**PROBLEM DESCRIPTION:** Reproduce the records that follow without alteration, apart from removing the pictures.

____ DATASET ENTRIES

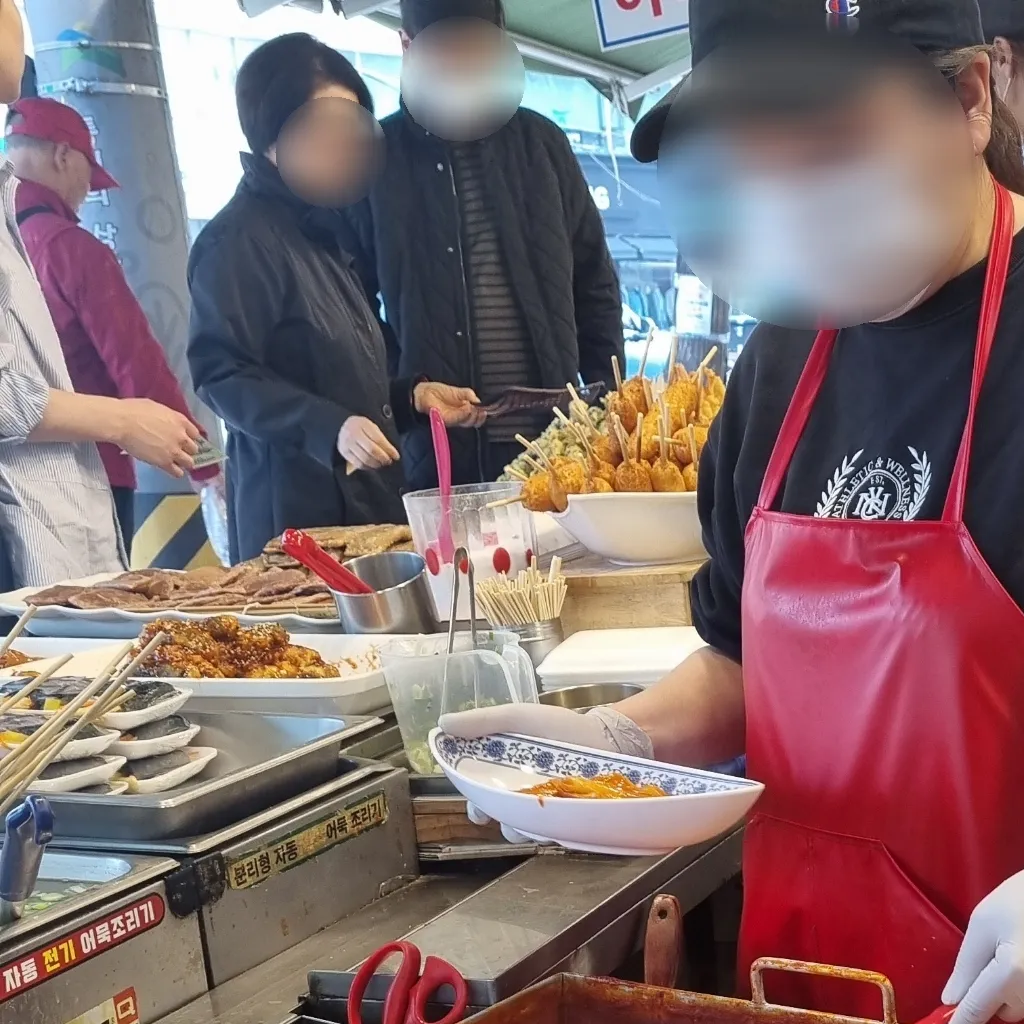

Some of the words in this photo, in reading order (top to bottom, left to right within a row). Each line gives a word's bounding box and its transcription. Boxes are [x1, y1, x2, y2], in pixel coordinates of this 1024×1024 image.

[233, 851, 271, 887] 분리형
[275, 839, 298, 866] 자동
[326, 815, 349, 840] 어묵
[350, 799, 382, 829] 조리기
[2, 957, 39, 993] 자동
[42, 938, 77, 973] 전기
[80, 900, 156, 954] 어묵조리기
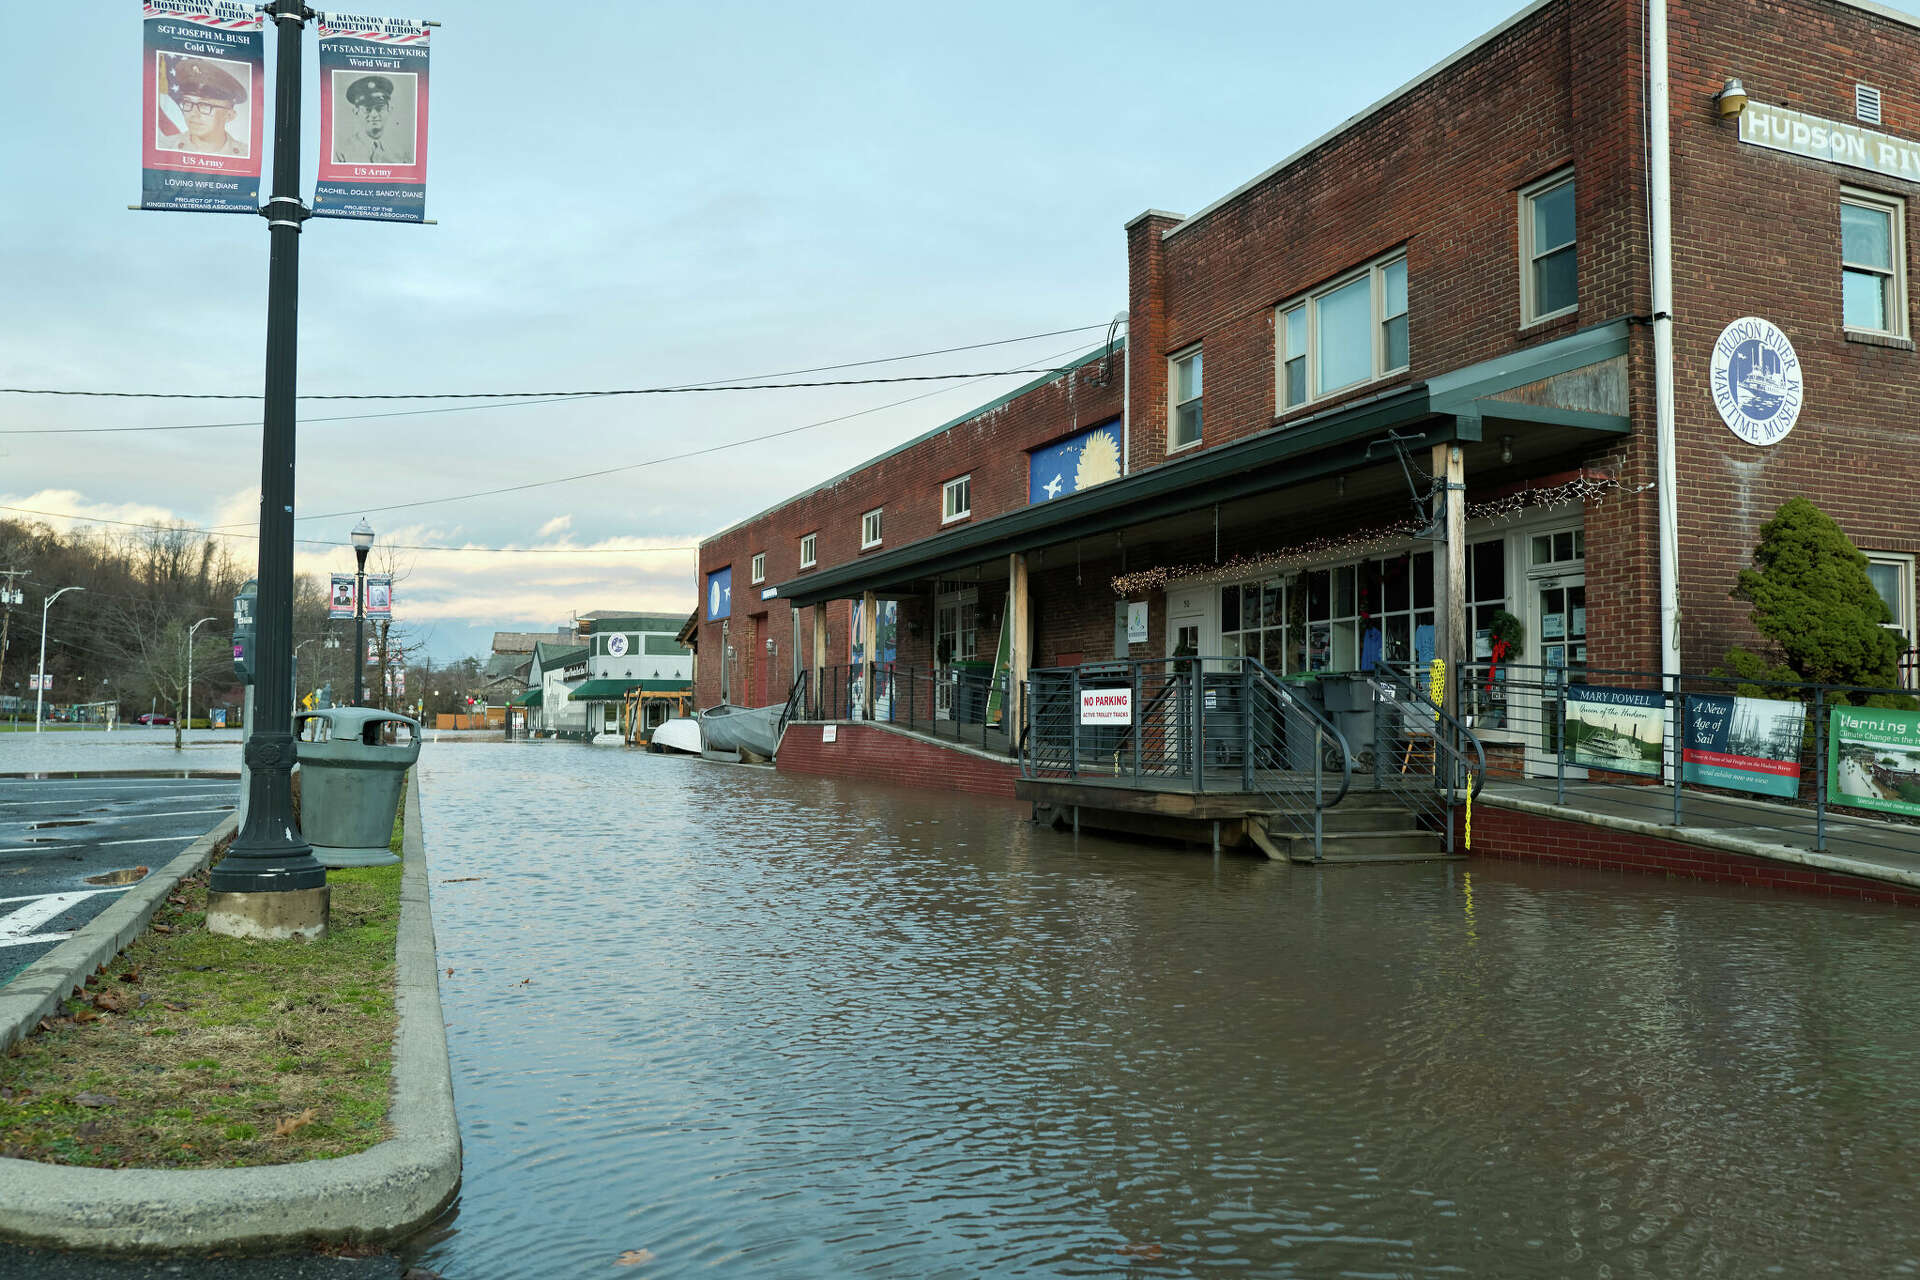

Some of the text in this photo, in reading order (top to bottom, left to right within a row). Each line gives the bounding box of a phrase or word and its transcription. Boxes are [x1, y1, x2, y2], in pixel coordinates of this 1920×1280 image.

________

**EXERCISE RESPONSE:**
Some of the words in this photo, in reading order (top to bottom, left to right within a row). Each line gives a word's bounding box and its transcription. Boxes are [x1, y1, x2, y2], in pixel coordinates of this 1024×1024 image.

[233, 851, 271, 887] 분리형
[275, 839, 298, 866] 자동
[326, 815, 349, 840] 어묵
[350, 799, 382, 829] 조리기
[2, 957, 39, 993] 자동
[42, 938, 77, 973] 전기
[80, 900, 156, 954] 어묵조리기

Some of the text in this photo, in reading order (top to bottom, left to right within a row). Each line gives the bounding box of a phrase or word and its transcription. Boxes are [x1, y1, x2, y2], in pixel coordinates of this 1920×1280 image.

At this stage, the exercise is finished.